ESMO 2025 was the year of the presentation of the primary analysis and biomarker analysis from SunRISe-4. SunRISe-4 was a randomised phase II study including patients with T2-T4, N0, M0 muscle-invasive bladder cancer who are ineligible for or refuse to receive the standard radical cystectomy. The initial findings, the interim results, have been already presented at last year’s meeting and published in Lancet Oncology recently. So we presented at this year’s meeting the primary analysis, the final results, for the clinical standpoint and also the first circulating biomarker data.
Regarding the clinical data, the primary endpoint of the study was pathological complete response after either four cycles of gemcitabine intravesical system and cetrelimab every three weeks or cetrelimab monotherapy. This was the randomisation of the study. A pathCR rate was achieved in 38% of the patients with the combination therapy, with a pathological downstaging higher than 50%, basically confirming the initial findings from the interim analysis. With cetrelimab monotherapy 28% and 44% were the two proportions for pathCR [??] downstaging to non-muscle invasive disease.
We initially presented the preliminary and first relapse-free survival data, showing that at one year the relapse free survival proportion, the relapse free survival rate, was 77% with TAR200 and cetrilumab versus 66% with cetrilumab monotherapy. So there was a 10% increase in survival with the addition of intravesical therapy.
Importantly, we have the first biomarker data, as I have said, focussing on two particular biomarkers, so utDNA, urinary tumour DNA, and circulating tumour DNA, ctDNA. They were both assessed at baseline and at week 12 post-treatment, post-systemic therapy, just before radical cystectomy. Let’s start from utDNA: utDNA, first of all, was seen to be positive in a proportion as high as 80% of the patients, regardless of the completeness of prior TURBT. This is an important point. utDNA at week 12, post neoadjuvant therapy, was a strong predictor of pathological complete response. Also in the 30-patient population for which we had the comparison of pre and post matched samples, we could assess the clearance of the utDNA. In this case we also saw that the clearance of the utDNA was clearly associated with pathological complete response.

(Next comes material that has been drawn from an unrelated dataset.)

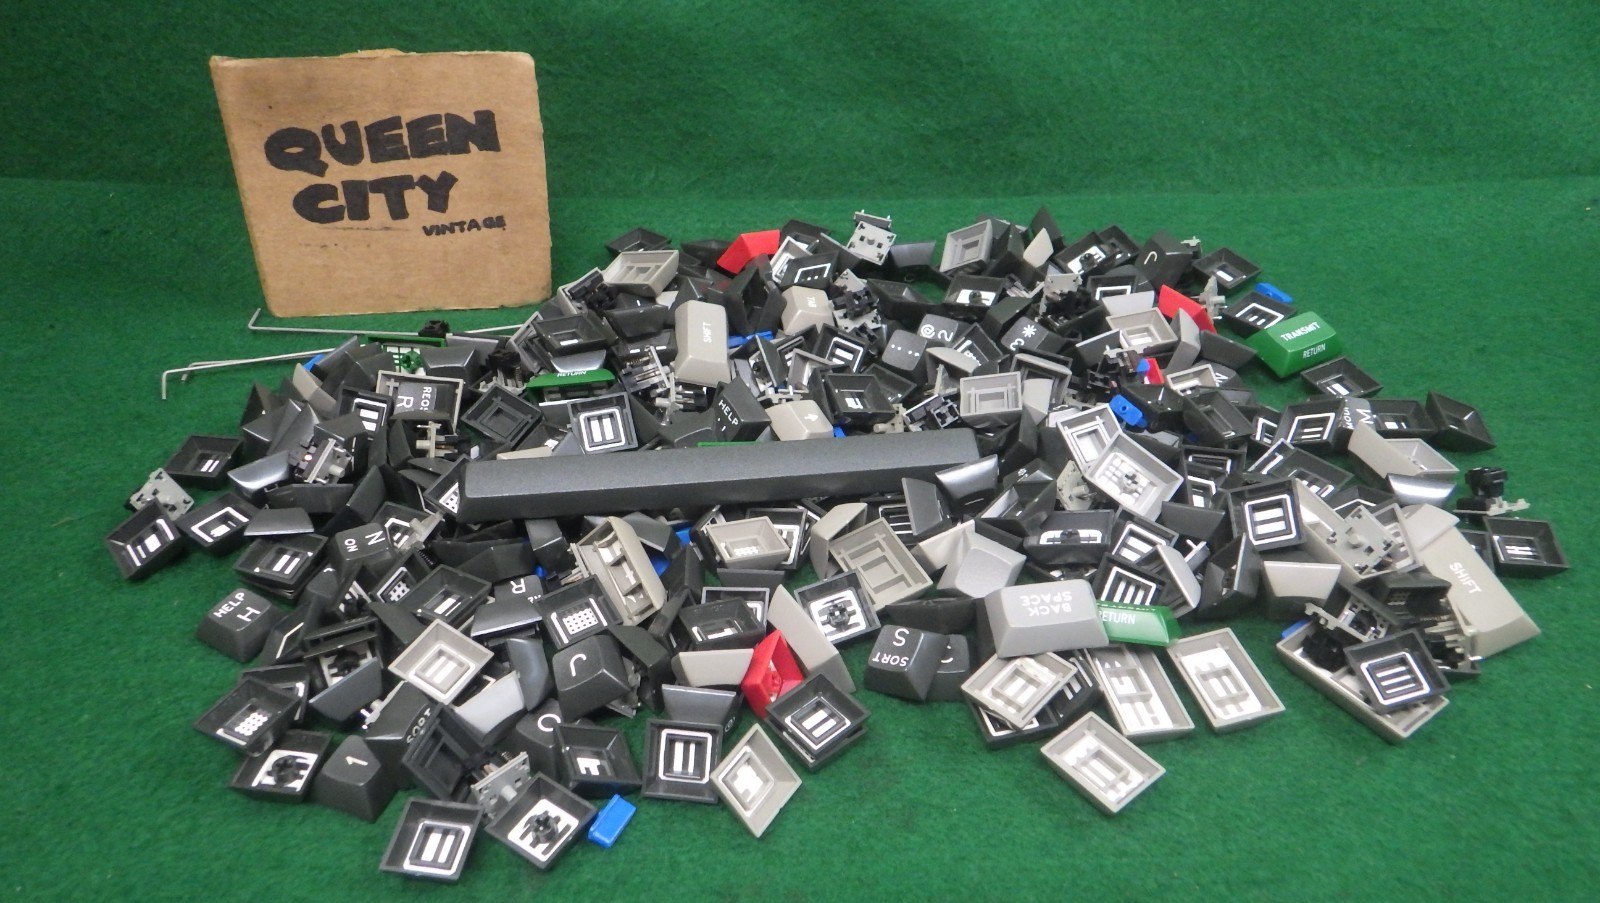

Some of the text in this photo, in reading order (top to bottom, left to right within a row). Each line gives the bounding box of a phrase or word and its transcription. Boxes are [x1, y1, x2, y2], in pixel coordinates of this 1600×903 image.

With regards to ctDNA, both baseline test and post-treatment test, they were significantly associated with relapse-free survival. Interestingly, and for the first time to my knowledge, we did not report a significant association between ctDNA and pathological response. So with the interim endpoint of pathological response to the bladder, ctDNA did not perform the same as the utDNA test.
In conclusion, globally we have a strong, or very promising, combined intravesical and systemic therapy combination possibility for these patients that spares most of the toxicity of old combinations of systemic therapies. We can use utDNA and ctDNA both in the same patients to either predict the fate of the tumour in the bladder and maybe the destiny of the bladder, in the bladder-saving approaches, in the future bladder-sparing approaches, and ctDNA when it comes to the prediction of the outcome of the patients. So they are pretty well interchangeable and could be used potentially as a combined assessment to predict the future of the bladder or to shape newer strategies for bladder preservation in patients who are deep responders to a kind of neoadjuvant therapy.